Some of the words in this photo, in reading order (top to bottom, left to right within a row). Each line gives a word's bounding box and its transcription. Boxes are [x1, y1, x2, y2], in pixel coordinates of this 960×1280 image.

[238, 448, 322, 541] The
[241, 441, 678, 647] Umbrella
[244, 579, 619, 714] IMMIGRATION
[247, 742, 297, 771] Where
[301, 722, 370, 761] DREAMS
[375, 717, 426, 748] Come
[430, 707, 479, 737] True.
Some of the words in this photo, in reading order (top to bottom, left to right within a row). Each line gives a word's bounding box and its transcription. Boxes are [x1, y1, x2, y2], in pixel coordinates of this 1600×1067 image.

+ + + + + + +

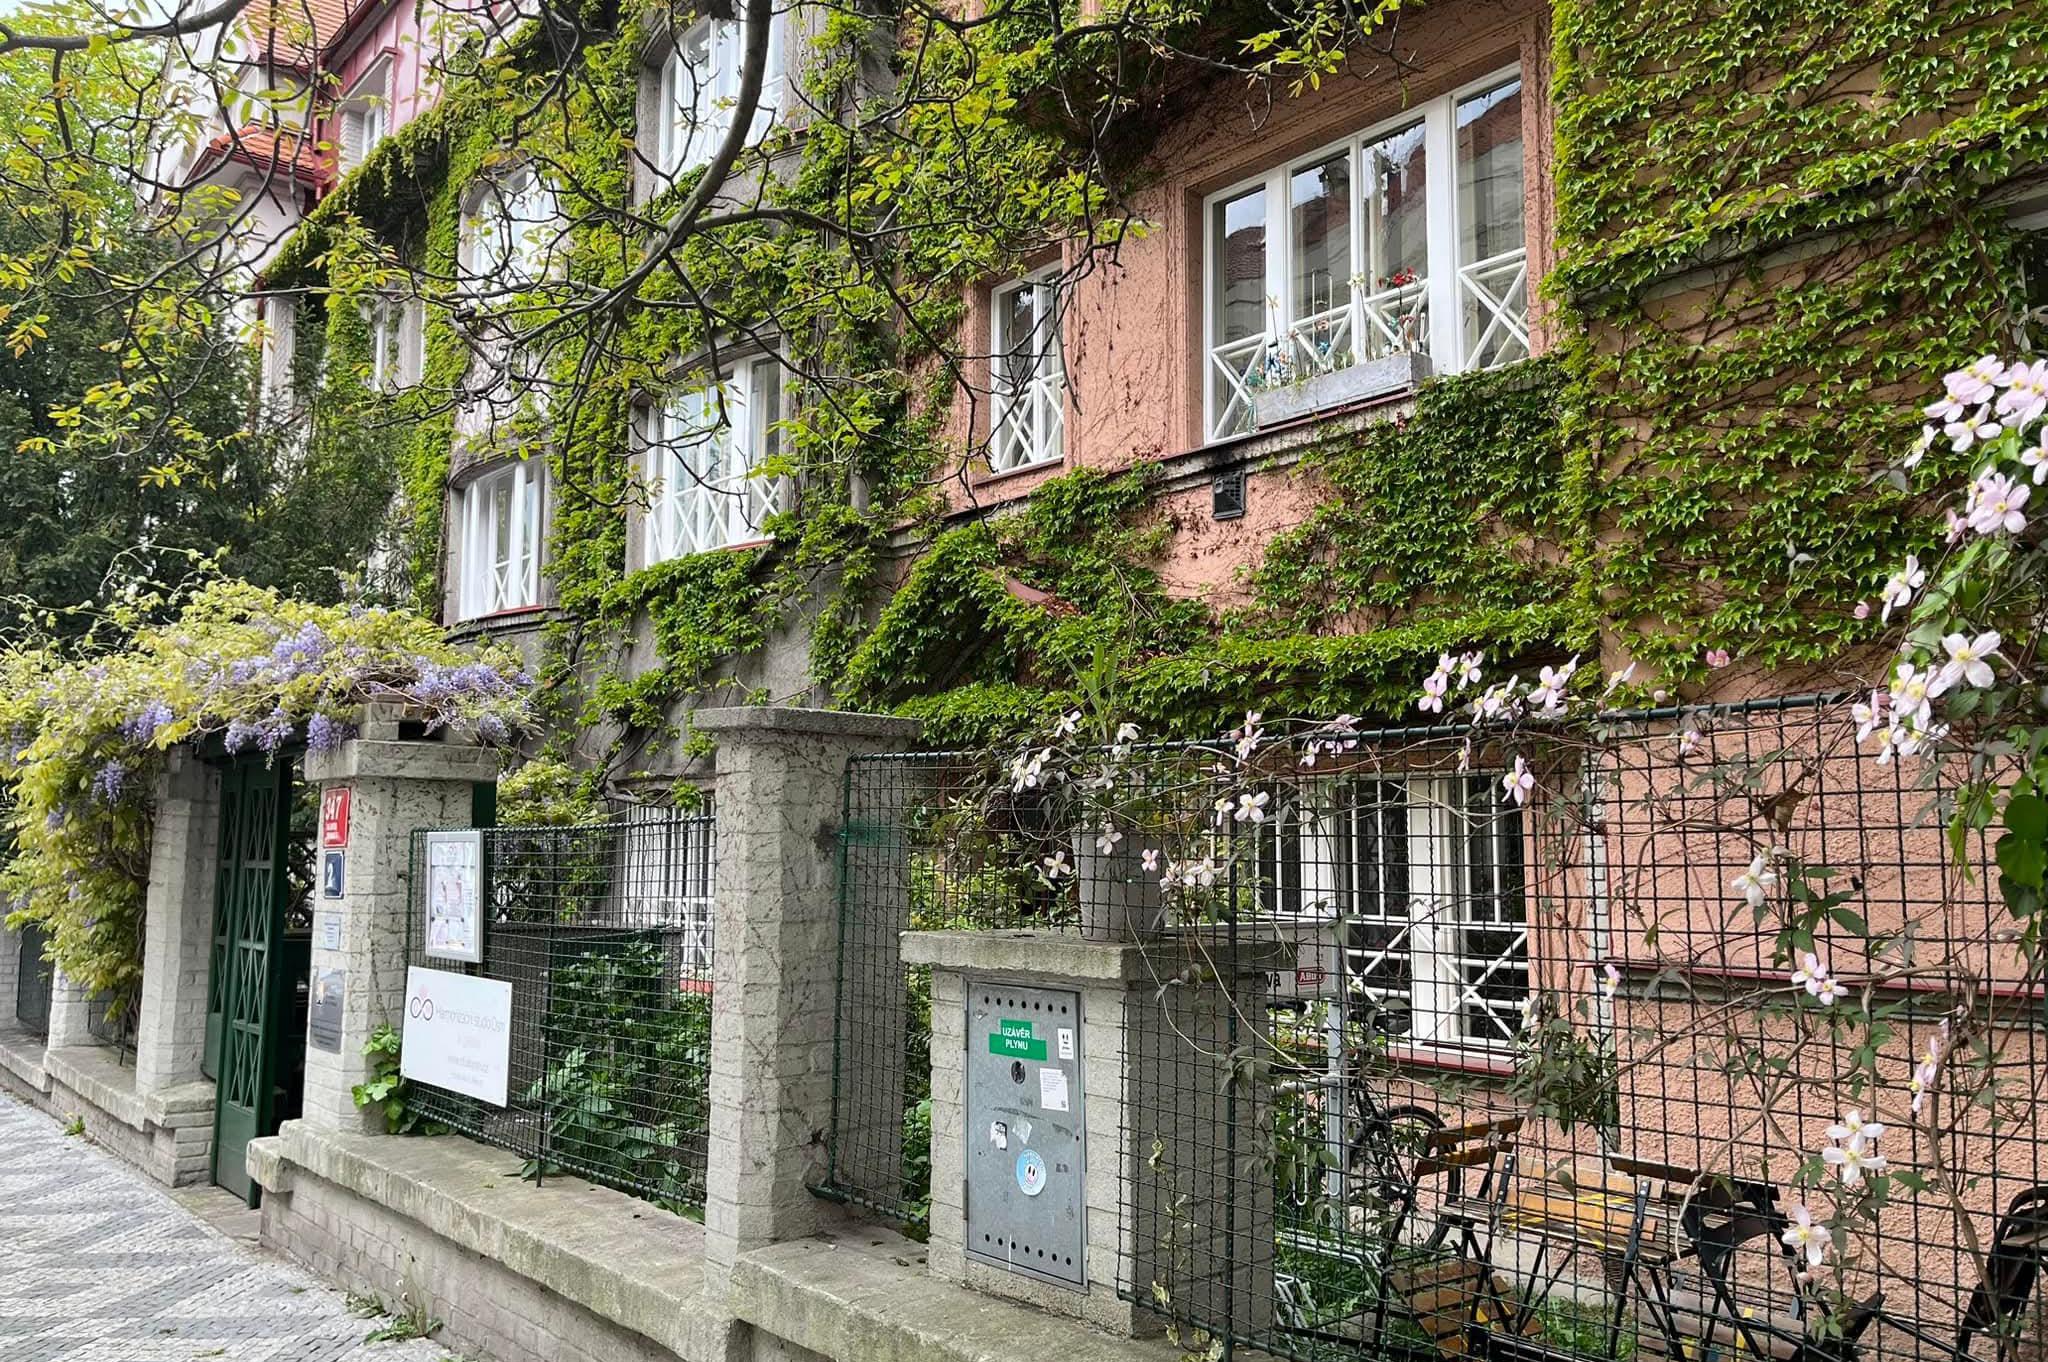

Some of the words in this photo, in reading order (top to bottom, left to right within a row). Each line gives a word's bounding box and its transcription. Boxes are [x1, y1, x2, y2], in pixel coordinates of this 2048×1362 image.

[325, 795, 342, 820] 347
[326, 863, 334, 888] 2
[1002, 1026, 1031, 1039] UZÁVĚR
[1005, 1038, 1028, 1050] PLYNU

+ + + + + + +

WHAT YOU HAVE TO DO
Scan the listing above for the line that has "this 960×1280 image.", then copy exactly from that line through the line that has "this 1600×1067 image.".

THE ANSWER
Some of the words in this photo, in reading order (top to bottom, left to right within a row). Each line gives a word's bounding box and its transcription. Boxes are [x1, y1, x2, y2], in pixel coordinates of this 960×1280 image.

[238, 448, 322, 541] The
[241, 441, 678, 647] Umbrella
[244, 579, 619, 714] IMMIGRATION
[247, 742, 297, 771] Where
[301, 722, 370, 761] DREAMS
[375, 717, 426, 748] Come
[430, 707, 479, 737] True.
Some of the words in this photo, in reading order (top to bottom, left to right within a row). Each line gives a word's bounding box and its transcription. Boxes are [x1, y1, x2, y2], in pixel coordinates of this 1600×1067 image.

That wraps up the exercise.